It seems awfully unlikely that a bad SATA port would make a disk partition appear to be a RAID member. Switching ports would be the simplest thing to try. That would affect the order in which the drives are detected, so /dev/sdc might not be the same disk any more. Perhaps that's part of the problem.

I'm afraid I have to defer to others to help with RAID issues. I just have no experience with that.

Different symptoms, but a while back I ran into a race condition that seemed to be mdadm fighting udev. Have a read of this - helped me, and can't hurt to try.

Thank you for the RAID suggestion, it said to avoid a race condition turn off udev before trying to assemble a RAID; alas it did not help:

sysresccd etc # mdadm -A /dev/md0 /dev/sd[ab]6
mdadm: /dev/sda6 is busy - skipping
mdadm: /dev/sdb6 is busy - skipping
sysresccd etc # udevadm control --stop-exec-queue
sysresccd etc # mdadm -A /dev/md0 /dev/sd[ab]6
mdadm: /dev/sda6 is busy - skipping
mdadm: /dev/sdb6 is busy - skipping

Still, there is a smell of race condition to this. Under Knoppix I could assemble a degraded md0 of just sda6 but it called sdb6 busy. And the Ubuntu live system didn't make device files for about half of the partitions until I ran partprobe. Does that ring a bell? Am I fighting 2 different battles here, one with my hardware and one with the rescue systems?

I will try moving the SATA plugs next.

I did also think of my power supply, it's 8 or 10 years old.
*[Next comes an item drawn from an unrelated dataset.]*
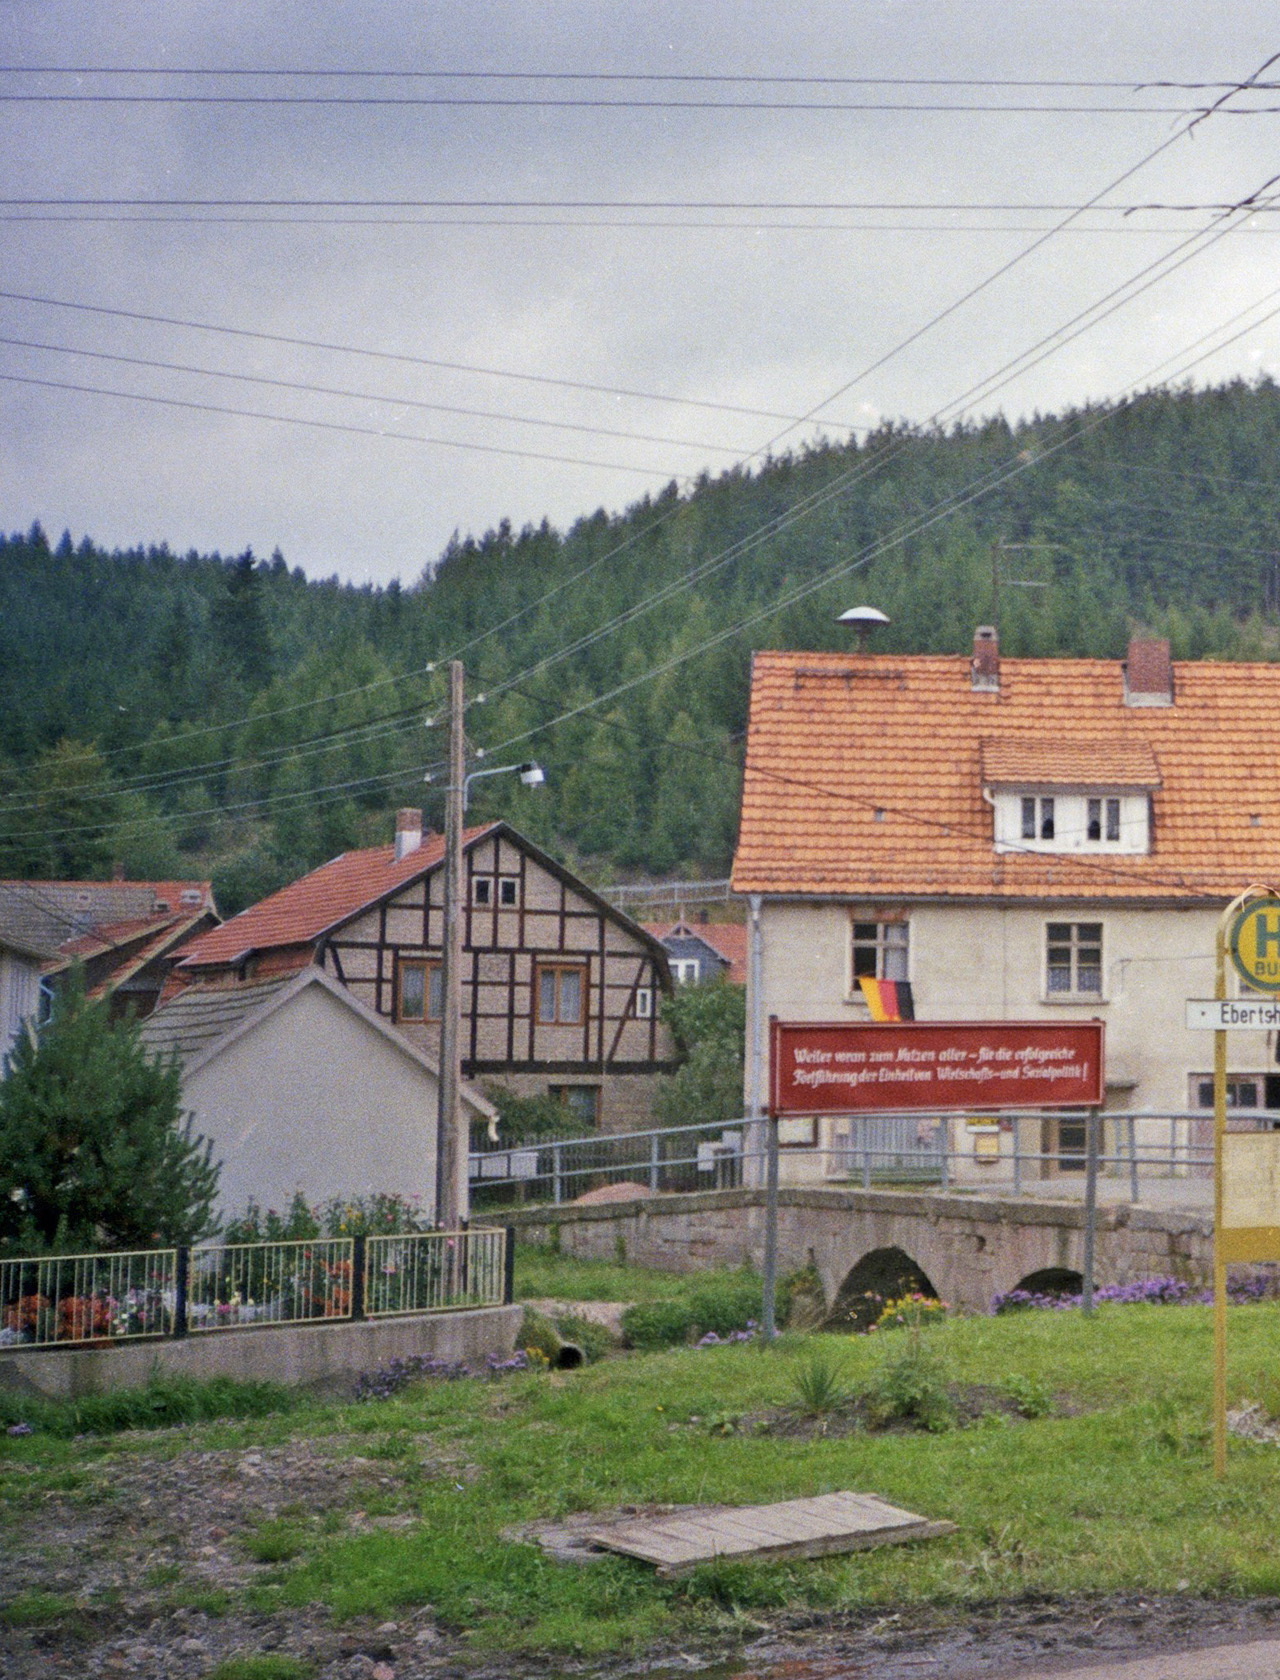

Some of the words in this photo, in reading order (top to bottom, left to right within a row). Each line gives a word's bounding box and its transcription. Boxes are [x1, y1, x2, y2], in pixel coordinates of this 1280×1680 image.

But don't desktop hard drives stay on all the time so booting does not increase the power draw? And the optical drive does turn only when needed so the rescue CDs should have more trouble. Or not?

I moved all the SATA plugs to other ports and also unplugged sdc, and now RescueCD correctly identifies all other partitions and even assembles my two RAIDs for me. I verified that I can mount and list everything.

This gave me high hopes that I found my hardware problem and all is well, but no, when I boot off the hard drives into the installed Ubuntu system again, KDE and Gnome both are broken in exactly the same way they were before, see my post http://www.linuxquestions.org/questi...ad-4175571478/

I'll restore from backup into the now fully functional RAID root partition one more time but I'm not optimistic.

Any other ideas? - Thanks

UPDATE:
After restoring from a month-old backup set nothing at all has changed: KDE and Gnome are still broken in the same way as before. This backup reflects a system that I used for a whole month without problems.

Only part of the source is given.